The largest energy consumer of any home-built in the northern hemisphere is the heating system.
Designing the correct heating system is critical in the success of the off grid home.
Build it wrong and nothing else will matter. Almost all heating systems require some form of electricity to operate whether it for the fans (oil, wood or gas hot air furnace), circulating pumps (oil, wood or gas boiler), thermostatic and safety controls (almost every system) or auger (wood pellet stove). The worst part is this extra electricity is needed most when the days are the shortest and the sunshine is scarce. Check out our favorite heating system.
Heating systems in “off the power grid” homes are often the weak link in the system. The conventional “plumbing and heating” installer will insist there is only one way of doing things and try to force you into following the building codes.
Unfortunately the building codes are often outdated, unrealistic and will not work for the solar-powered home.
First, there are a few heating options that are NOT AVAILABLE for the off grid home.
- Electric Heat
- Oil Furnace/Boiler
- Heat Pump/Geothermal
The above heating methods are out of reach for 99% of those deciding to live off of the grid. They require far too much electricity.

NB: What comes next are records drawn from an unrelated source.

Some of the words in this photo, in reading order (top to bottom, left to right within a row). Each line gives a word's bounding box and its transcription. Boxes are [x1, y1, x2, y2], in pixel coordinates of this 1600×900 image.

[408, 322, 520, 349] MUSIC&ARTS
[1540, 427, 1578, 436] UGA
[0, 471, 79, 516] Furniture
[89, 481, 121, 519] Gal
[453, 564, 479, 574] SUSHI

Using electric space heaters, baseboard heaters, boilers and/or low wattage under floor radiant heating systems consume HUGE amounts of electricity. Any heating load, whether an electric heater, a hot water heater or electric range, is too large to even consider for all but a few off the grid homes.
If you are planning on making your own electricity using solar panels, wind turbines or a gas/diesel generator it is impossible to make enough electricity to power heat loads (resistive loads). There may be times when you have enough electricity to operate a heater as in a dump load but the extra power is usually in the summer.

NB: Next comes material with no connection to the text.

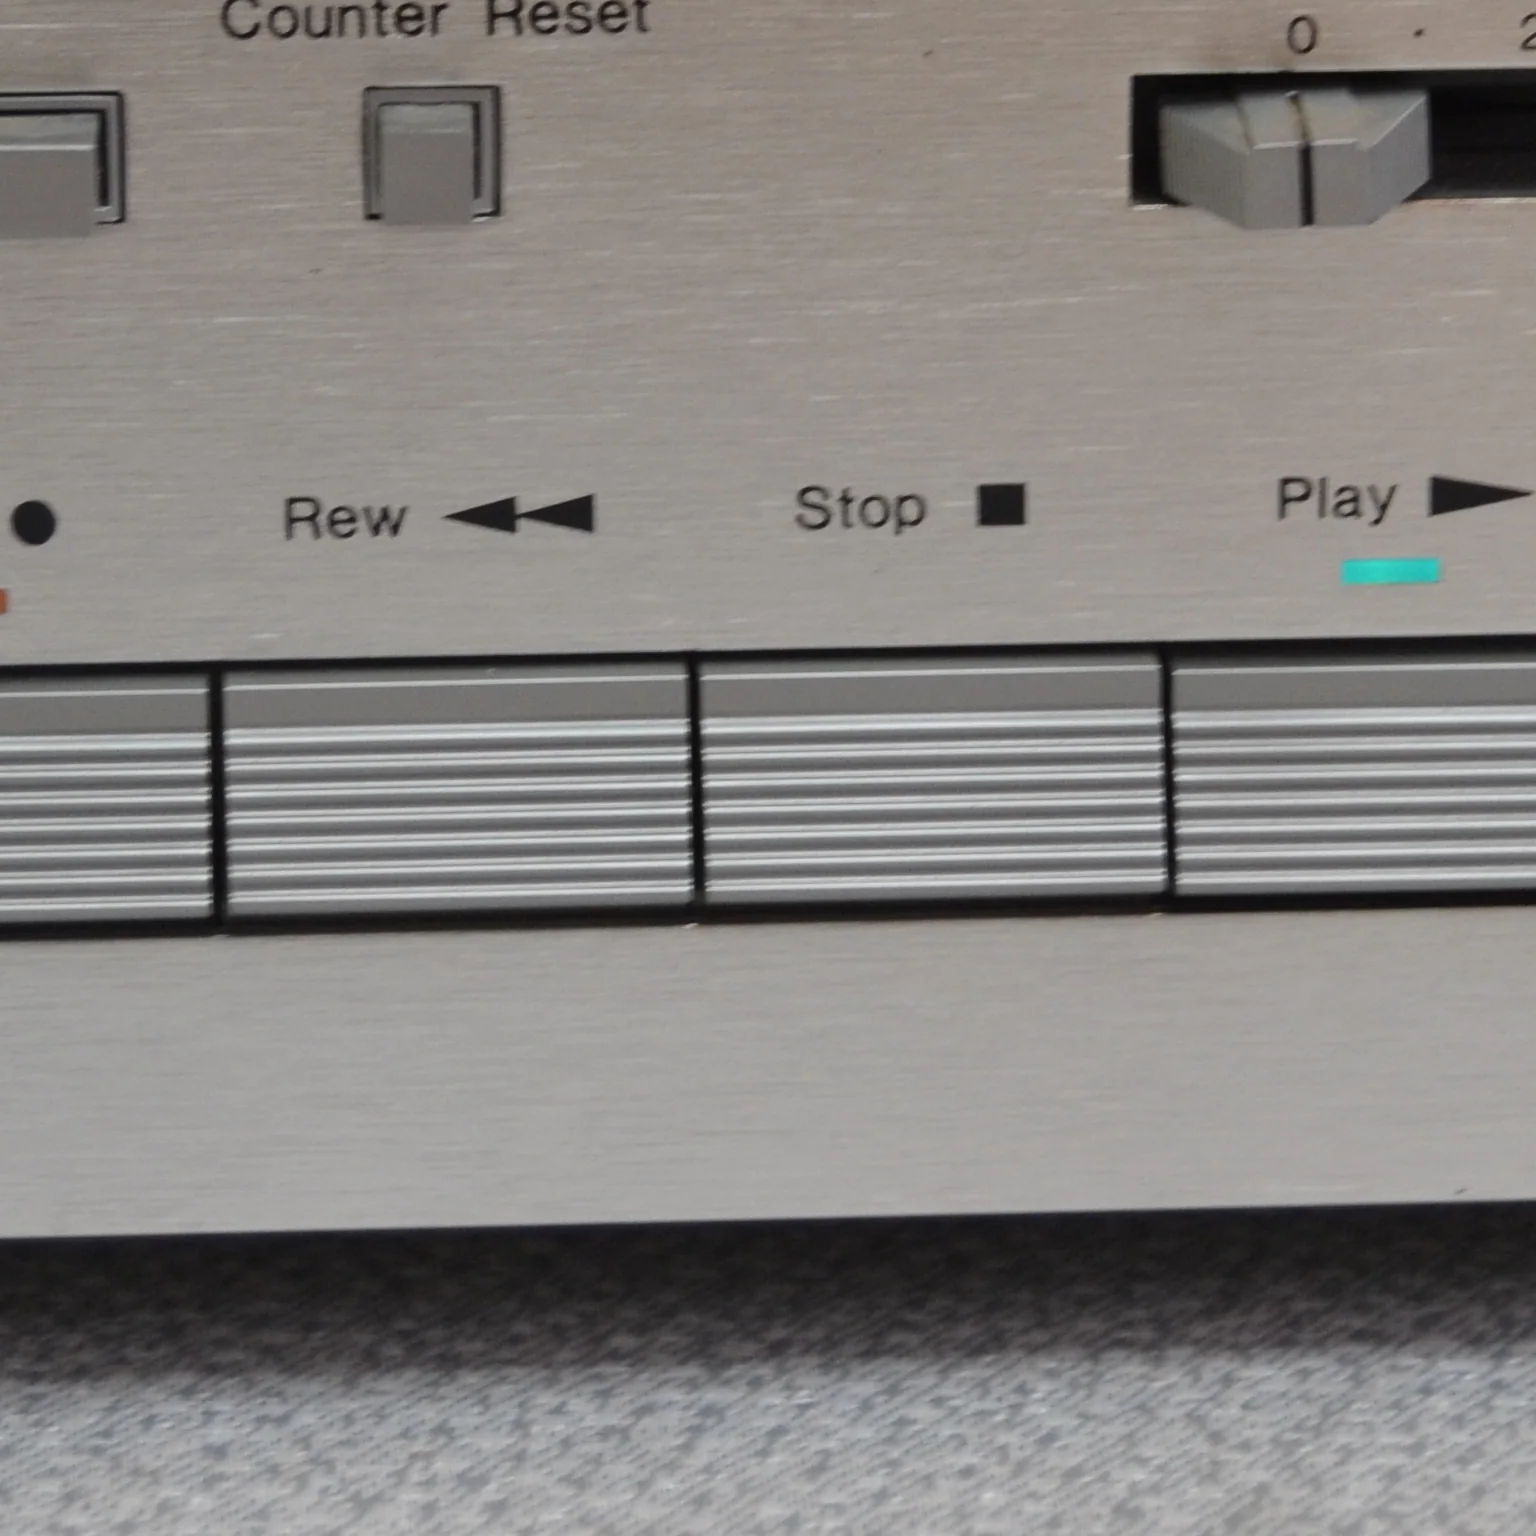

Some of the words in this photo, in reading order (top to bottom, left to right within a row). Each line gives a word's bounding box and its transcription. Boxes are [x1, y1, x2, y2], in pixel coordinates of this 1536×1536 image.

The one exception is the home owner fortunate enough to have a massive resource of falling water. A micro hydro powered home might be able to operate some electric heat as a dump load but it is very rare.
Although heating oil is the primary source of heat in the above heating systems there are also some large electrical requirements as well. Oil burners use high pressure pumps to force the oil through a fine nozzle to vaporize the oil enough to burn efficiently.
They also use electricity to ignite the fuel and a fan to make a clean and aggressive flame. In addition to the boiler, there is either a large fan (furnace) or circulating pumps and zone valves (boiler) to move the heat where it is most needed.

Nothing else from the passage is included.